Metro Mayor Steve Rotheram joins litter pick to endorse Plastic Free Mersey project

Liverpool City Region Mayor Steve Rotheram has joined a group of volunteers in a litter clean-up operation around the River Alt today to support an environmental initiative called ‘Plastic Free Mersey’.

The Plastic Free Mersey project is led by environmental charities Mersey Rivers Trust and Thames21. It builds on Thames21’s award-winning litter survey work, which has identified the most common plastic litter items on the Tidal Thames.

The Plastic Free Mersey project was publicly launched on 22 July and initially runs for two years.

This citizen-science initiative is training and supporting volunteers to collect valuable data about the plastic items they find along the River Mersey and its 23 tributaries that flow from the Pennines to Liverpool Bay. The litter found will be safely removed and correctly disposed of.

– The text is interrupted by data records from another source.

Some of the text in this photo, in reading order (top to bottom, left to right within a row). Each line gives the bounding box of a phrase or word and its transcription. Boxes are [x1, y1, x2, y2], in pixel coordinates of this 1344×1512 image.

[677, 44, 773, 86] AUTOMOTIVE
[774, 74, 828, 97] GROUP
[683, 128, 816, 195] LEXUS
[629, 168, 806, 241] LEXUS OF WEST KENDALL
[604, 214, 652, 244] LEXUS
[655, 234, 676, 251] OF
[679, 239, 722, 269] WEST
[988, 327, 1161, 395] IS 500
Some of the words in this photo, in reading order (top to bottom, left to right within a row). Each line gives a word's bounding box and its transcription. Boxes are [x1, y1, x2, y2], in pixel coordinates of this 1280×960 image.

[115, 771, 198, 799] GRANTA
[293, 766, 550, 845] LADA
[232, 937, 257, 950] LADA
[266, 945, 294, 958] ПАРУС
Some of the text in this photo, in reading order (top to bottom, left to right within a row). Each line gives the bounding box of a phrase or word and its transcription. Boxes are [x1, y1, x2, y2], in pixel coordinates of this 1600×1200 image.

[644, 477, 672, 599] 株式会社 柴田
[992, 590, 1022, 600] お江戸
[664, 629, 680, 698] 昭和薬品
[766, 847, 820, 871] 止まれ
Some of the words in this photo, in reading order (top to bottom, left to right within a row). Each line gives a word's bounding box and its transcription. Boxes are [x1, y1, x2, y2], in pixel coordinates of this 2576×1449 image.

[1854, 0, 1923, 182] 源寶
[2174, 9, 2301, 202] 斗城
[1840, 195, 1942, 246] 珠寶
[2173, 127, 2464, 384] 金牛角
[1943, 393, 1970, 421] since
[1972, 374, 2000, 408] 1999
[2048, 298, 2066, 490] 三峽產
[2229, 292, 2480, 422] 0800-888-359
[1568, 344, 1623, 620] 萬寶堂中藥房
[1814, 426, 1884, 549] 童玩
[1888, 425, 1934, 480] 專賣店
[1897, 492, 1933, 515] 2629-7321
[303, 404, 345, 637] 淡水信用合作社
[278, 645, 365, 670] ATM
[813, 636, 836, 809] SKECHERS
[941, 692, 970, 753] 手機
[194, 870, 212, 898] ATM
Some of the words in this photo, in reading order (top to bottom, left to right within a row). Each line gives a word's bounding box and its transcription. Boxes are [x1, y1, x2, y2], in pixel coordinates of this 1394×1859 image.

Steve Rotheram, Mayor of the Liverpool City Region, said:

“The River Mersey has been central to our region’s fortunes throughout our history. We’ve come a long way towards cleaning it up since Lord Heseltine described the Mersey as an ‘affront to the standards a civilised society should demand of its environment.’

“The Plastic Free Mersey campaign has my full support – and I am hoping to make further announcements on my ambitions to clean up the Mersey in the near future.

“We are very proud to join all the volunteers, Thames21, Mersey Rivers Trust, and Plastic Free Mersey project partners in supporting this brilliant campaign today. It’s great that local residents get to take part in helping to do their bit for the environment and we hope that it will encourage them to reduce, reuse and recycle plastic.”

Debbie Leach, CEO of Thames21, said:

“We are delighted that the Metro Mayor has endorsed our Plastic Free Mersey project and shares our belief that plastic litter has no place in our rivers or the natural environment.

So much plastic is being littered – not only is it trashing our rivers, creating an eyesore and harming wildlife, it is also a waste of a valuable resource that could be recycled into useful products.”

John Sanders, Director at Mersey Rivers Trust, said:

“We are very pleased that the Metro Mayor is supporting our mission to bring awareness to the consequences that littering can have on the River Mersey waterways.

We welcome his endorsement of our project aims to identify how plastic litter gets into our rivers and the actions required to achieve a plastic free Mersey.”

Plastic pollution damages ecosystems, discourages people from visiting their rivers and seas, and is a source of increasing concern for riverside communities. The Plastic Free Mersey project focuses on identifying and quantifying plastic litter and other litter on riverbanks and estuaries to spur changes in people’s behaviour, such as reduced littering and increased recycling, and to provide essential information to the plastics and waste management industries to support circular economy solutions.

By collecting information on plastic and other litter along with information on people’s waste disposal (including littering) habits, the project will tackle how society uses and disposes of plastic. Through industry collaboration, the initiative will help shape behaviour change to keep litter out of waterways. It will also explore ways to increase the effectiveness of plastics recycling and management.

Thames21 and Mersey Rivers Trust is working in collaboration with LyondellBasell, one of the world’s largest producers of plastics and chemicals, INOVYN, Europe’s leading producer of vinyls and SUEZ, a global expert in the water and waste sectors.

These three business partners have company sites in the River Mersey catchment. The project also has the support of the British Plastics Federation, PlasticsEurope, RECOUP, and the endorsement of the Liverpool City Region, Chester West and Chester Council, Warrington Borough Council, and Merseyside Recycling and Waste Authority (MRWA). Both Suez and MRWA have supplied litter pickers for the Plastic Free Mersey volunteers to use.

The project aims to create and test an effective model of co-operation between NGOs, researchers and the plastics industry to tackle plastic pollution in waterways.

This model can then be applied to other river catchments in the UK and abroad. The project team is engaging with academic experts and other businesses in the plastics sector to gather advice and contributions to ultimately generate solutions (based on robust evidence and methods) to the excessive levels of plastic and other litter in and around our rivers.

Such solutions comprise behavioural and management changes across at the individual, community, business, and government levels.